(Work request):
Your copy should match the records exactly, except that it contains no pictures.

(Data entries):

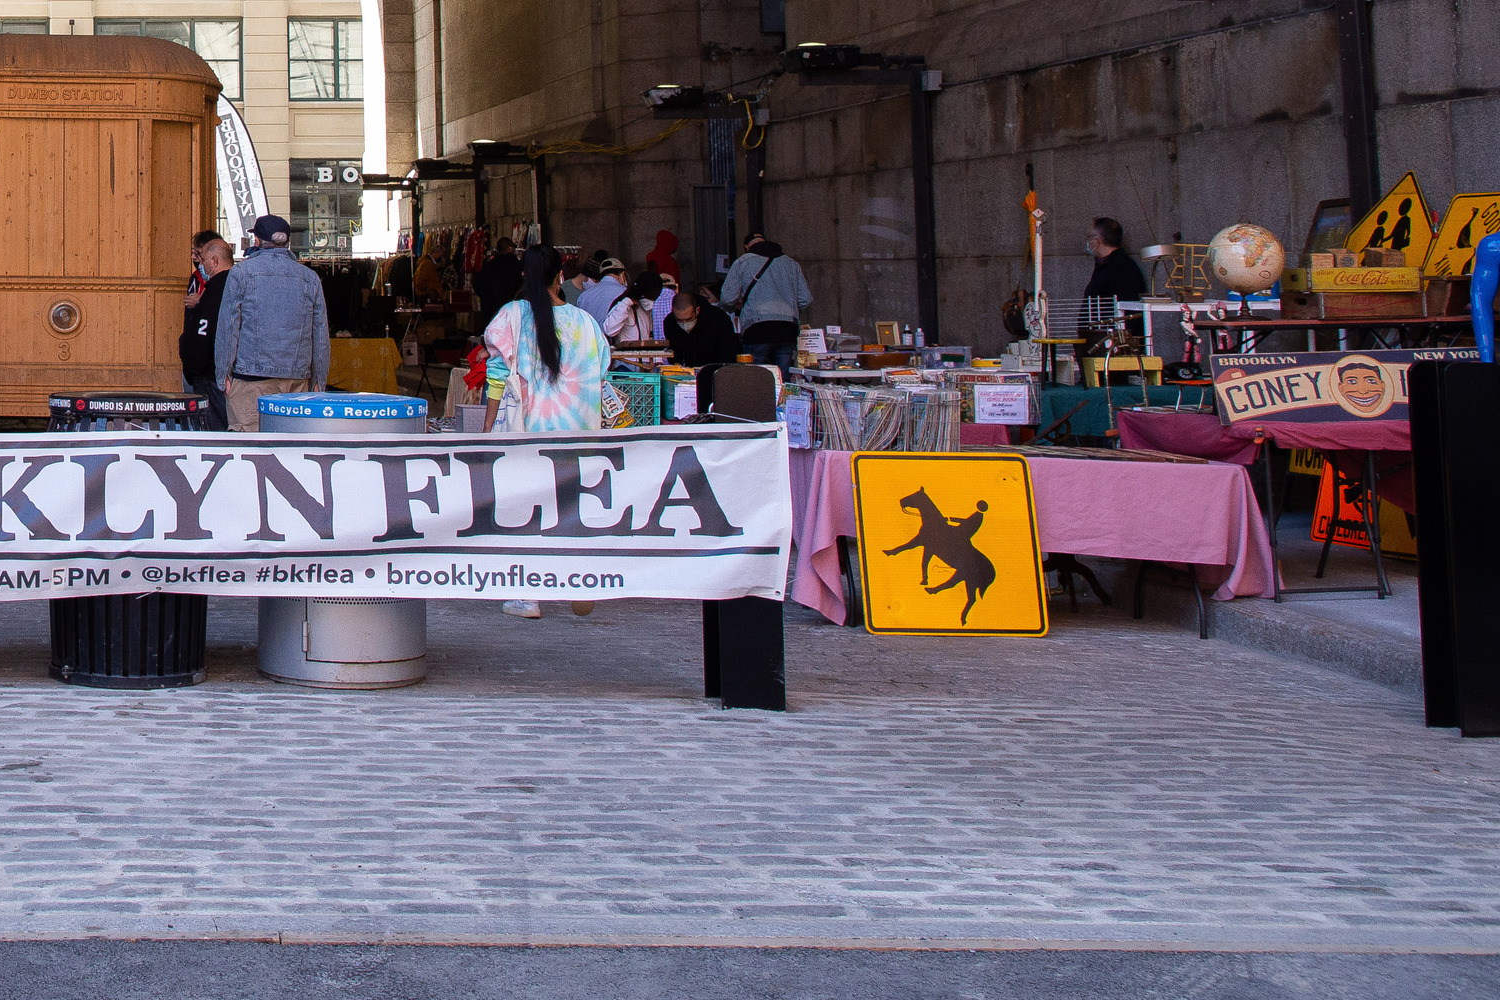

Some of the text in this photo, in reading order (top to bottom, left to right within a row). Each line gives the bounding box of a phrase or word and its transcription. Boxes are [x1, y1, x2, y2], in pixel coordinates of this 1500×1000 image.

[7, 87, 124, 101] DUMBO STATION
[1481, 202, 1500, 234] GOO
[1333, 270, 1389, 286] Coca-Cola
[197, 319, 208, 335] 2
[57, 341, 71, 361] 3
[1218, 350, 1480, 366] BROOKLYN NEW YOR
[1225, 371, 1322, 414] CONEY
[89, 401, 114, 410] DUMBO
[116, 402, 123, 410] IS
[124, 403, 134, 411] AT
[134, 403, 154, 412] YOUR
[155, 402, 186, 411] DISPOSAL
[268, 403, 398, 418] Recycle Recycle
[368, 445, 743, 542] FLEA
[142, 565, 247, 584] @bkflea
[256, 563, 354, 584] #bkflea
[387, 563, 624, 592] brooklynflea.com

(Task solution):
Some of the text in this photo, in reading order (top to bottom, left to right within a row). Each line gives the bounding box of a phrase or word and its transcription. Boxes are [x1, y1, x2, y2], in pixel coordinates of this 1500×1000 image.

[7, 87, 124, 101] DUMBO STATION
[1481, 202, 1500, 234] GOO
[1333, 270, 1389, 286] Coca-Cola
[197, 319, 208, 335] 2
[57, 341, 71, 361] 3
[1218, 350, 1480, 366] BROOKLYN NEW YOR
[1225, 371, 1322, 414] CONEY
[89, 401, 114, 410] DUMBO
[116, 402, 123, 410] IS
[124, 403, 134, 411] AT
[134, 403, 154, 412] YOUR
[155, 402, 186, 411] DISPOSAL
[268, 403, 398, 418] Recycle Recycle
[368, 445, 743, 542] FLEA
[142, 565, 247, 584] @bkflea
[256, 563, 354, 584] #bkflea
[387, 563, 624, 592] brooklynflea.com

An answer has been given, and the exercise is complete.